PROVIDED ENTRIES =>
────────────────
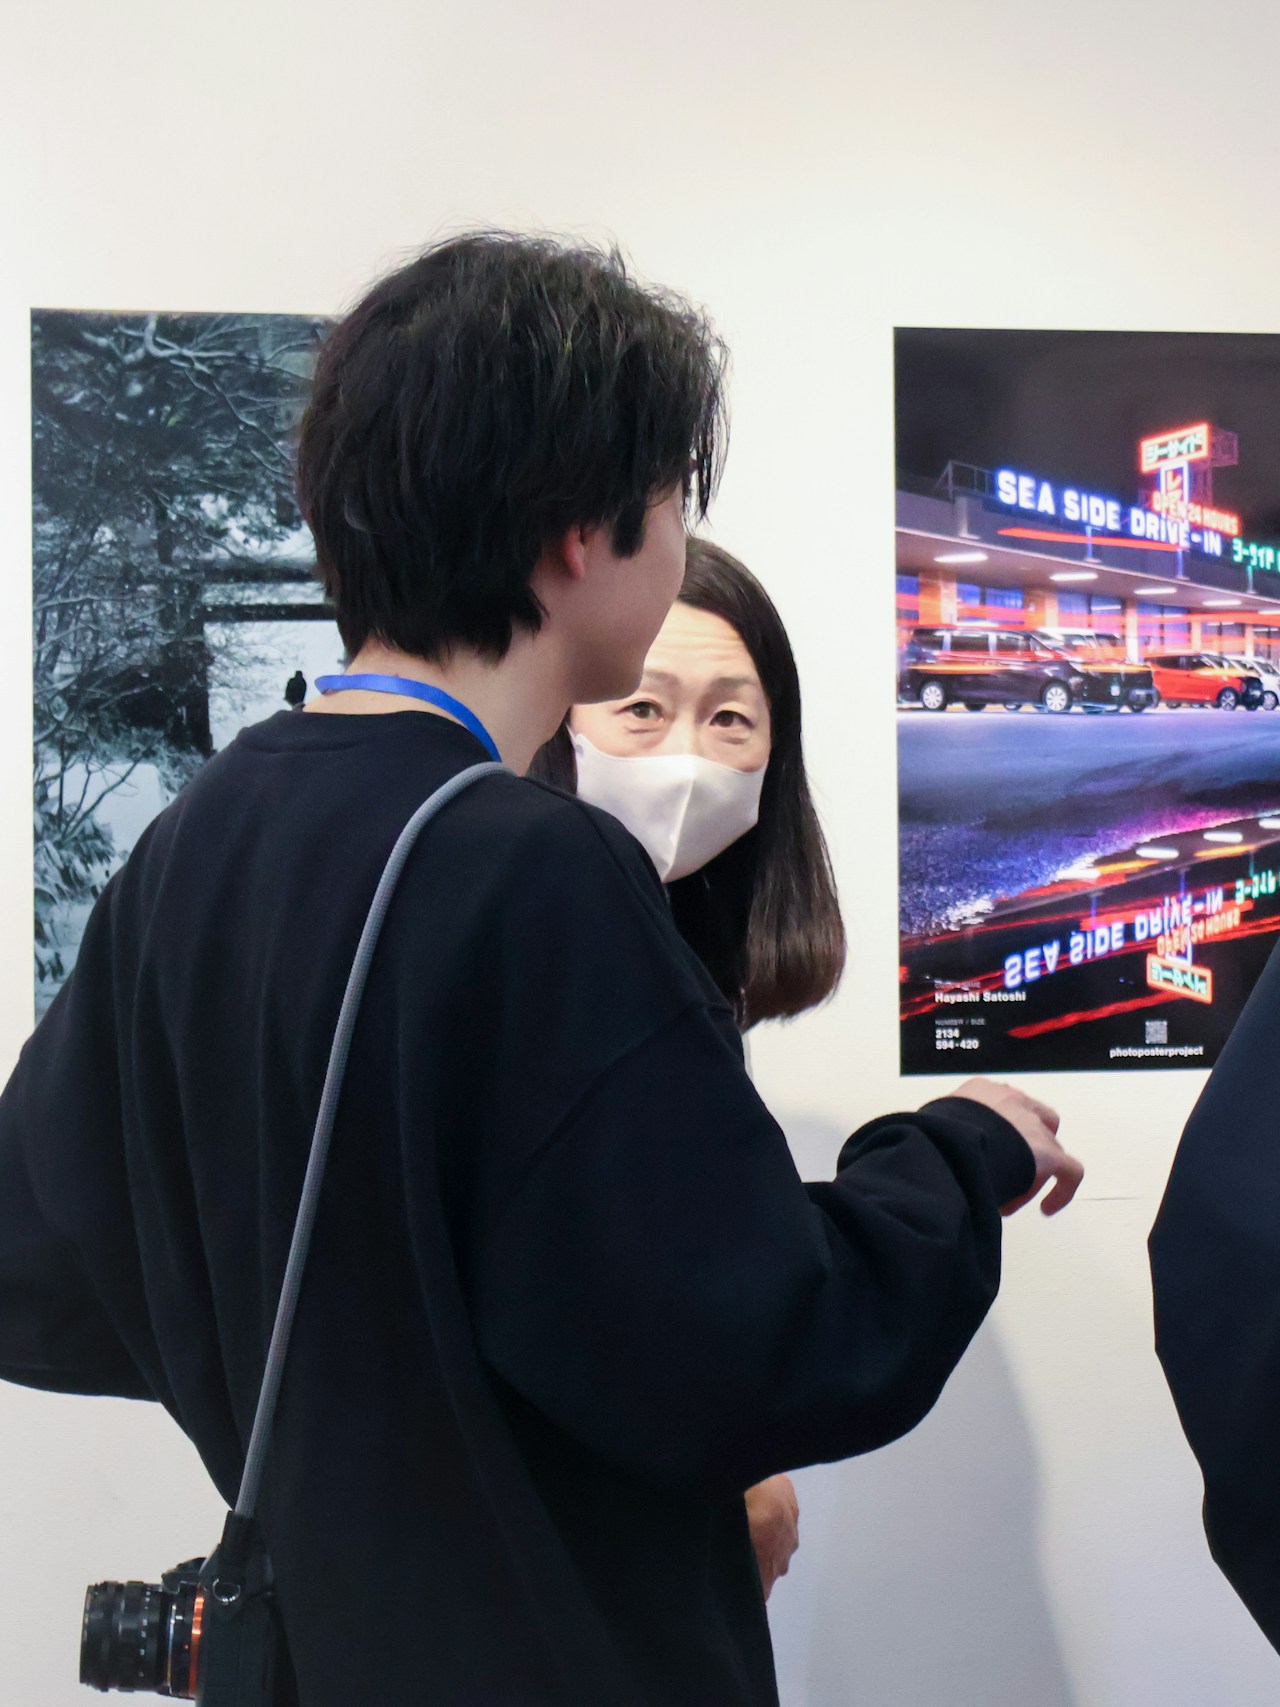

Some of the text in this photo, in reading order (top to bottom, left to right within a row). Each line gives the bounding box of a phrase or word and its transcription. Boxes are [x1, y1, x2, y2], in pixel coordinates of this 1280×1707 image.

[997, 470, 1222, 557] SEA SIDE DRIVE-IN
[1202, 507, 1240, 536] HOURS
[934, 991, 1027, 1004] Hayashi Satoshi
[935, 1028, 960, 1039] 2134
[1109, 1045, 1204, 1059] photoposterproject
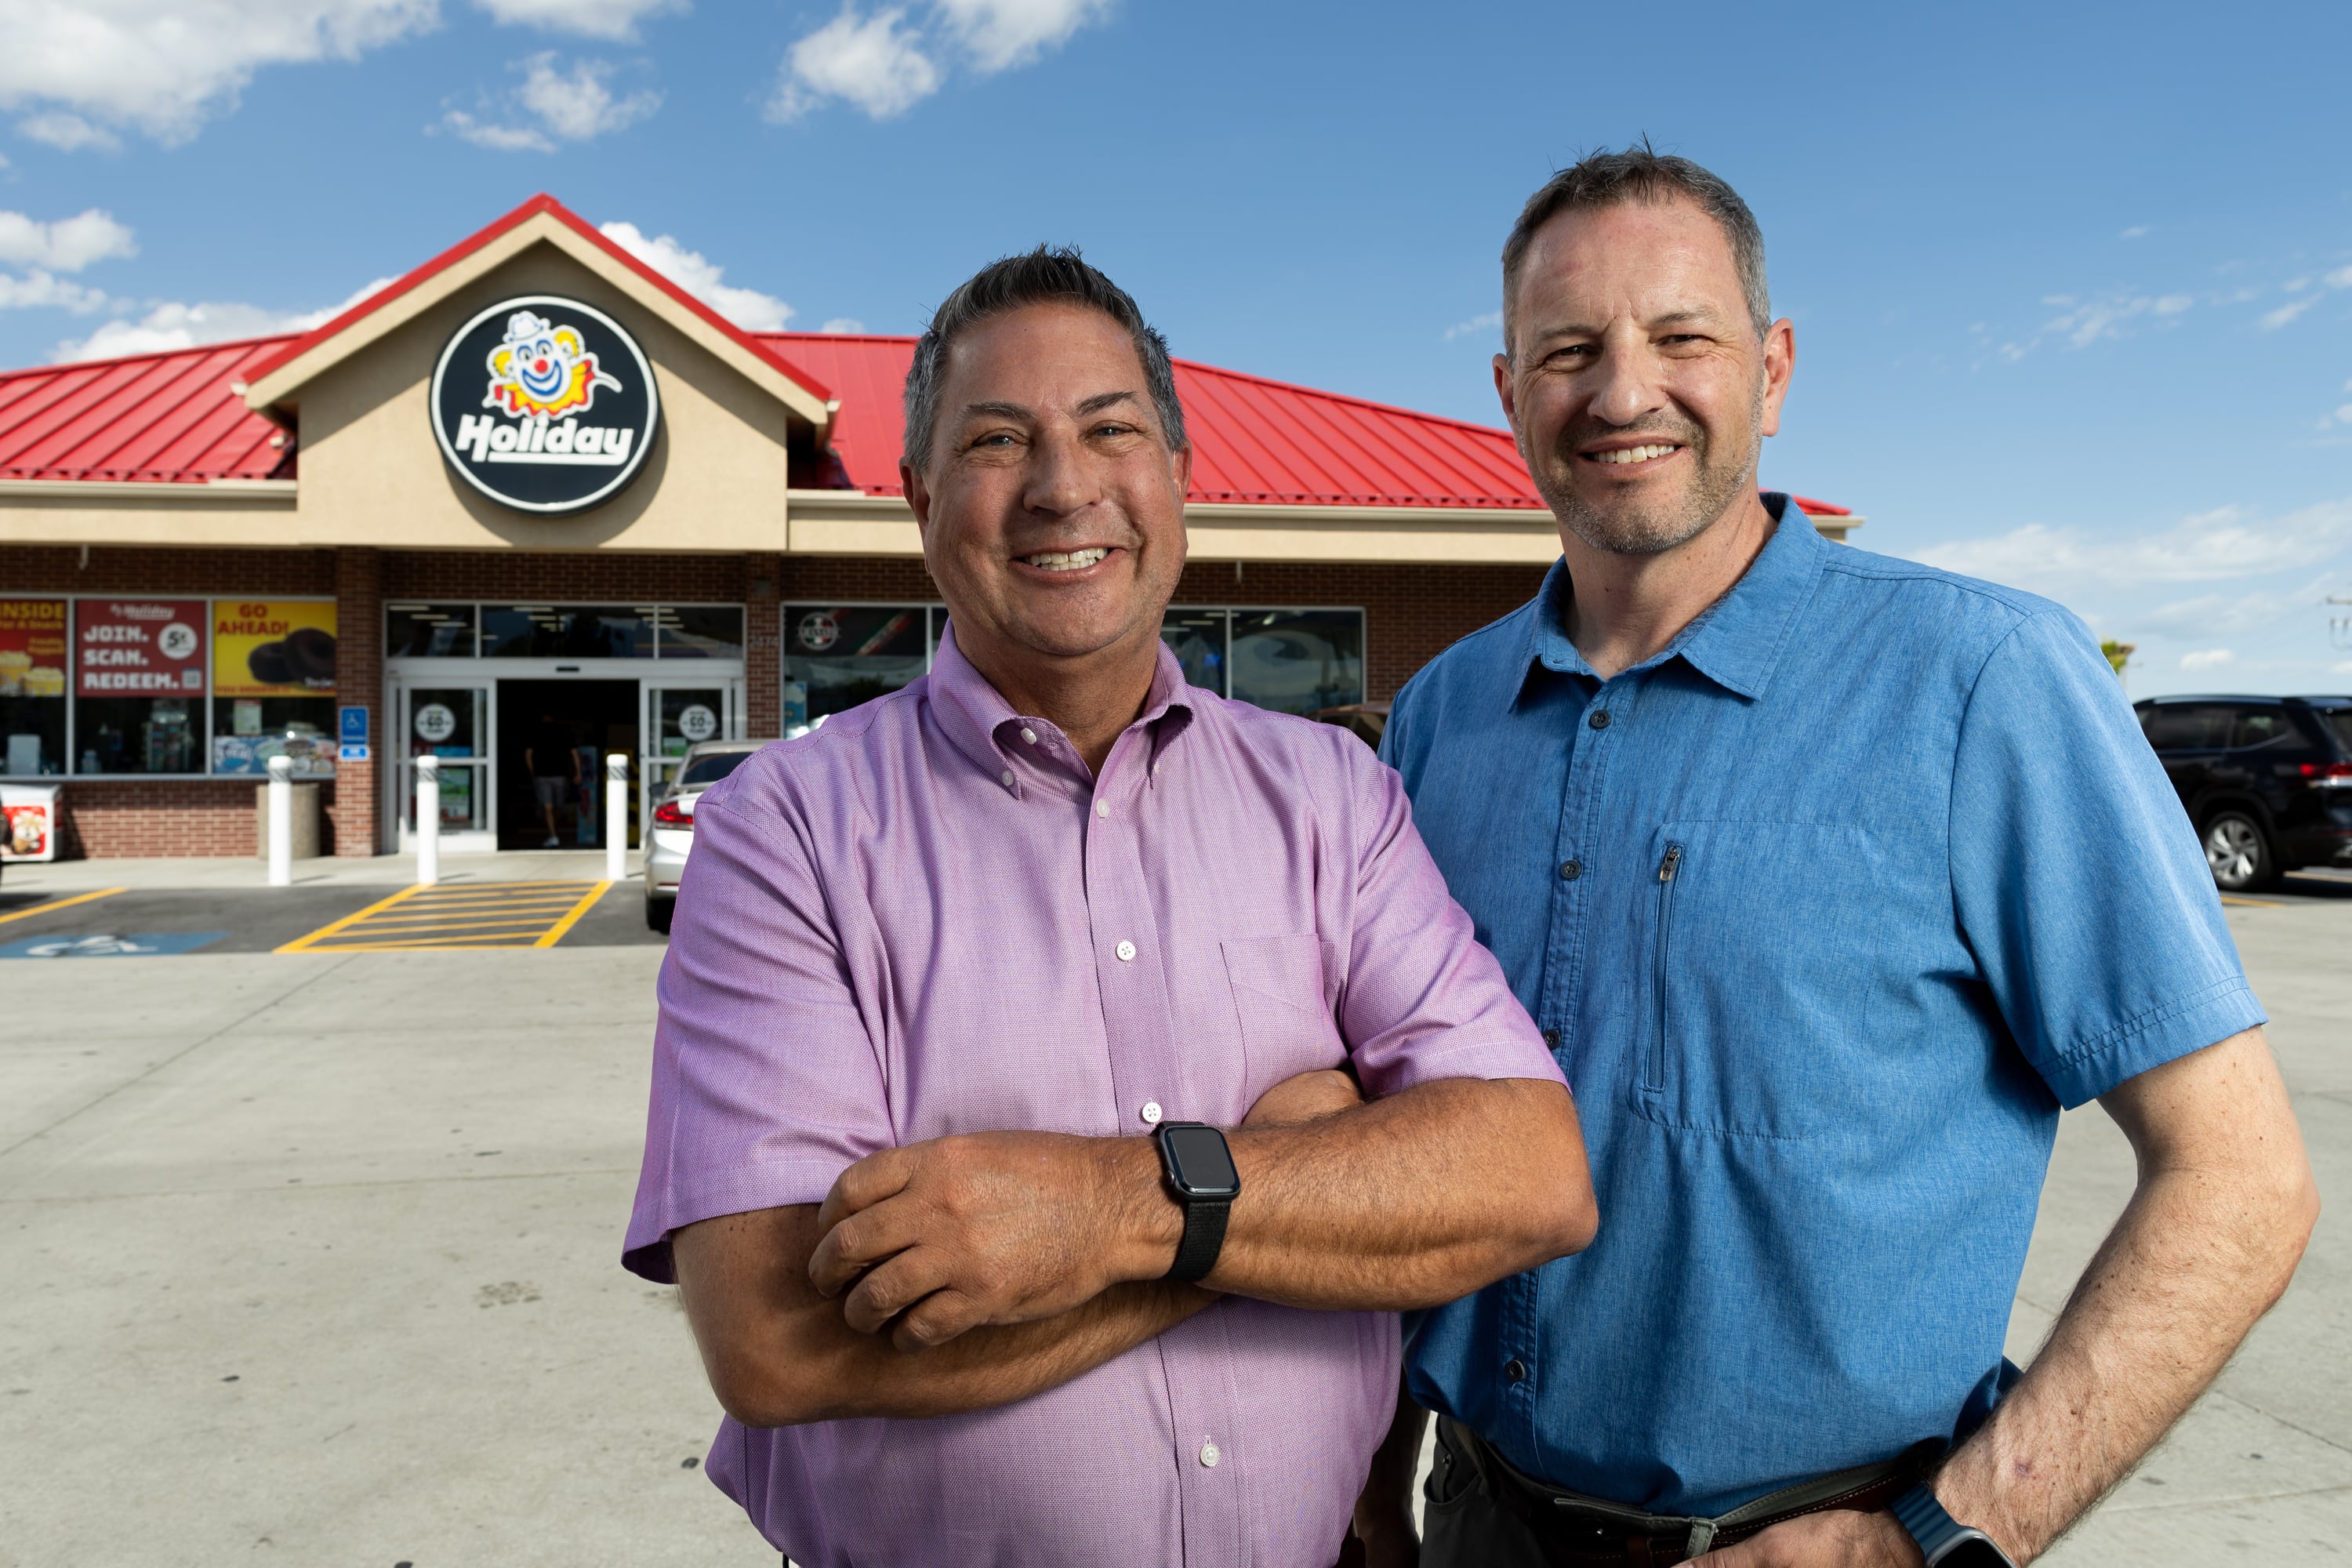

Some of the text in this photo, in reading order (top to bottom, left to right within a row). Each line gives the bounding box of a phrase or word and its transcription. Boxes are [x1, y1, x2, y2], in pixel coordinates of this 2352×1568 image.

[455, 413, 634, 466] Holiday
[238, 603, 268, 619] GO
[83, 625, 150, 643] JOIN.
[83, 648, 149, 666] SCAN.
[83, 672, 180, 690] REDEEM.
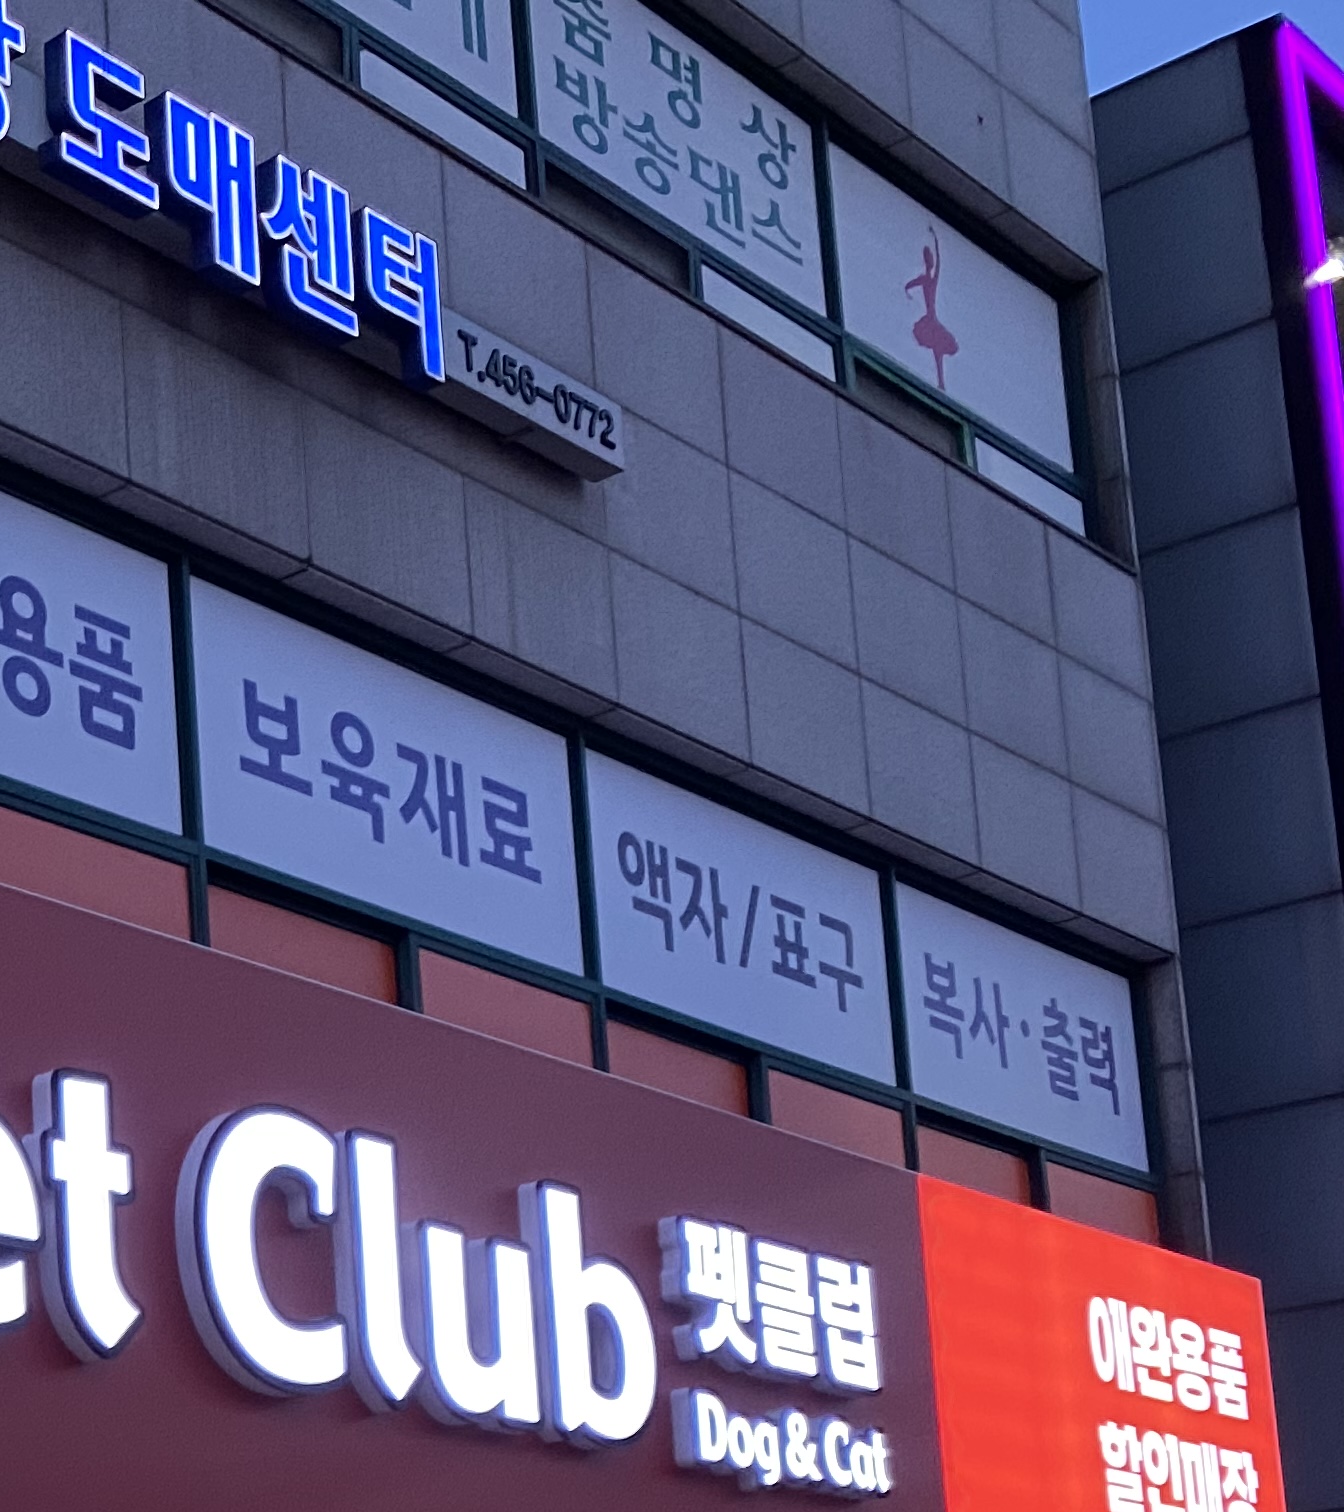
────────────────
AIM OF THE EXERCISE =>
Transcribe the full listing above exactly, with the images removed.

ANSWER SPACE =>
Some of the text in this photo, in reading order (top to bottom, left to right within a row). Each line gives the bounding box of a phrase or word and its transcription. Boxes are [x1, y1, x2, y2], in pixel coordinates of this 1280×1707 image.

[997, 470, 1222, 557] SEA SIDE DRIVE-IN
[1202, 507, 1240, 536] HOURS
[934, 991, 1027, 1004] Hayashi Satoshi
[935, 1028, 960, 1039] 2134
[1109, 1045, 1204, 1059] photoposterproject

Some of the text in this photo, in reading order (top to bottom, left to right within a row). Each line gives the bounding box of a phrase or word and its transcription. Boxes are [x1, y1, x2, y2], in pixel coordinates of this 2352×1568 image.

[455, 413, 634, 466] Holiday
[238, 603, 268, 619] GO
[83, 625, 150, 643] JOIN.
[83, 648, 149, 666] SCAN.
[83, 672, 180, 690] REDEEM.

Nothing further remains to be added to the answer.